__Supplied data__.
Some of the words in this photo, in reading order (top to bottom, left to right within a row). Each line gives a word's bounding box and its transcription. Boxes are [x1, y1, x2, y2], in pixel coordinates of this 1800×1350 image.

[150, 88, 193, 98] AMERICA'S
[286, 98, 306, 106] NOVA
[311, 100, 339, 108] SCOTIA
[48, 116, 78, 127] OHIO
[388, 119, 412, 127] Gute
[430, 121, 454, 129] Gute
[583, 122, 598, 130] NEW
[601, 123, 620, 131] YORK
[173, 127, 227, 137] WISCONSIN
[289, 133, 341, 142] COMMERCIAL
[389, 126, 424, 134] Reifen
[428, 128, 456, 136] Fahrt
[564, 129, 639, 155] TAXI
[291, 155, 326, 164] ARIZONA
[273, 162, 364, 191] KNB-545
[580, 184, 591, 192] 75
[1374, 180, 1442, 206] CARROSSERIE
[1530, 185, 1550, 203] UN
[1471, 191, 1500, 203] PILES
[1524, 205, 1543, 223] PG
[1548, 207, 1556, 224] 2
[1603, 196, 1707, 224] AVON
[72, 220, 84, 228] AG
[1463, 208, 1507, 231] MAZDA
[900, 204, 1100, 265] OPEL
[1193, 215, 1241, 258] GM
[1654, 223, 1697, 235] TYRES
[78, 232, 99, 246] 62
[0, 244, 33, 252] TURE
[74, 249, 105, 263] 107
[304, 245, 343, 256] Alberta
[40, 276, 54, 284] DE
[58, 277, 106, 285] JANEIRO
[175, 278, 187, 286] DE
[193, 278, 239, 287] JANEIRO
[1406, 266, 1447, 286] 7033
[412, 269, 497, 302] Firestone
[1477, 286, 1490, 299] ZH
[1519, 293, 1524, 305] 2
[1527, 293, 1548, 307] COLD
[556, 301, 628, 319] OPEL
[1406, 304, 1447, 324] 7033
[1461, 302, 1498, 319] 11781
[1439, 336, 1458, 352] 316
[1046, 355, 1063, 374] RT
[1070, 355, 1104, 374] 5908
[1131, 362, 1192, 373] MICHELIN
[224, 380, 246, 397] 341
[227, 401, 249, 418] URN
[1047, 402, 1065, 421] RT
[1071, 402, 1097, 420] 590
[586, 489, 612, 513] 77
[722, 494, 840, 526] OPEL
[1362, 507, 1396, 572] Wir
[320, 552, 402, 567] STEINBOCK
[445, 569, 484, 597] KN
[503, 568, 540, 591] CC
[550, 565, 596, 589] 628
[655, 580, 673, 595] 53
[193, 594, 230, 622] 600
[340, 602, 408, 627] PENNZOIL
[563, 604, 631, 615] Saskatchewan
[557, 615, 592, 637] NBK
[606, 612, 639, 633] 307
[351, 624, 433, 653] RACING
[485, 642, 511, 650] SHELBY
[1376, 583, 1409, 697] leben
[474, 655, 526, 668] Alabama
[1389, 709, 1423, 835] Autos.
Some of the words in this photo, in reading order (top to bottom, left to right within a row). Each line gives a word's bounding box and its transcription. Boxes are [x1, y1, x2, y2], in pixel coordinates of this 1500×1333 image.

...

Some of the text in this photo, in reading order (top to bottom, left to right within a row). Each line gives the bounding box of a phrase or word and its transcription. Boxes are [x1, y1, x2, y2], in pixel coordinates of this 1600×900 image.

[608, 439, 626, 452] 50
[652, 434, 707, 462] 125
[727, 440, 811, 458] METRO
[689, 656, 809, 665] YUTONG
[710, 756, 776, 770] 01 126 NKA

__Work order__. From the records above, repeat exactly the lines from the one with "this 1800×1350 image." through the one with "this 1500×1333 image.", both included.

__Your solution__.
Some of the words in this photo, in reading order (top to bottom, left to right within a row). Each line gives a word's bounding box and its transcription. Boxes are [x1, y1, x2, y2], in pixel coordinates of this 1800×1350 image.

[150, 88, 193, 98] AMERICA'S
[286, 98, 306, 106] NOVA
[311, 100, 339, 108] SCOTIA
[48, 116, 78, 127] OHIO
[388, 119, 412, 127] Gute
[430, 121, 454, 129] Gute
[583, 122, 598, 130] NEW
[601, 123, 620, 131] YORK
[173, 127, 227, 137] WISCONSIN
[289, 133, 341, 142] COMMERCIAL
[389, 126, 424, 134] Reifen
[428, 128, 456, 136] Fahrt
[564, 129, 639, 155] TAXI
[291, 155, 326, 164] ARIZONA
[273, 162, 364, 191] KNB-545
[580, 184, 591, 192] 75
[1374, 180, 1442, 206] CARROSSERIE
[1530, 185, 1550, 203] UN
[1471, 191, 1500, 203] PILES
[1524, 205, 1543, 223] PG
[1548, 207, 1556, 224] 2
[1603, 196, 1707, 224] AVON
[72, 220, 84, 228] AG
[1463, 208, 1507, 231] MAZDA
[900, 204, 1100, 265] OPEL
[1193, 215, 1241, 258] GM
[1654, 223, 1697, 235] TYRES
[78, 232, 99, 246] 62
[0, 244, 33, 252] TURE
[74, 249, 105, 263] 107
[304, 245, 343, 256] Alberta
[40, 276, 54, 284] DE
[58, 277, 106, 285] JANEIRO
[175, 278, 187, 286] DE
[193, 278, 239, 287] JANEIRO
[1406, 266, 1447, 286] 7033
[412, 269, 497, 302] Firestone
[1477, 286, 1490, 299] ZH
[1519, 293, 1524, 305] 2
[1527, 293, 1548, 307] COLD
[556, 301, 628, 319] OPEL
[1406, 304, 1447, 324] 7033
[1461, 302, 1498, 319] 11781
[1439, 336, 1458, 352] 316
[1046, 355, 1063, 374] RT
[1070, 355, 1104, 374] 5908
[1131, 362, 1192, 373] MICHELIN
[224, 380, 246, 397] 341
[227, 401, 249, 418] URN
[1047, 402, 1065, 421] RT
[1071, 402, 1097, 420] 590
[586, 489, 612, 513] 77
[722, 494, 840, 526] OPEL
[1362, 507, 1396, 572] Wir
[320, 552, 402, 567] STEINBOCK
[445, 569, 484, 597] KN
[503, 568, 540, 591] CC
[550, 565, 596, 589] 628
[655, 580, 673, 595] 53
[193, 594, 230, 622] 600
[340, 602, 408, 627] PENNZOIL
[563, 604, 631, 615] Saskatchewan
[557, 615, 592, 637] NBK
[606, 612, 639, 633] 307
[351, 624, 433, 653] RACING
[485, 642, 511, 650] SHELBY
[1376, 583, 1409, 697] leben
[474, 655, 526, 668] Alabama
[1389, 709, 1423, 835] Autos.
Some of the words in this photo, in reading order (top to bottom, left to right within a row). Each line gives a word's bounding box and its transcription. Boxes are [x1, y1, x2, y2], in pixel coordinates of this 1500×1333 image.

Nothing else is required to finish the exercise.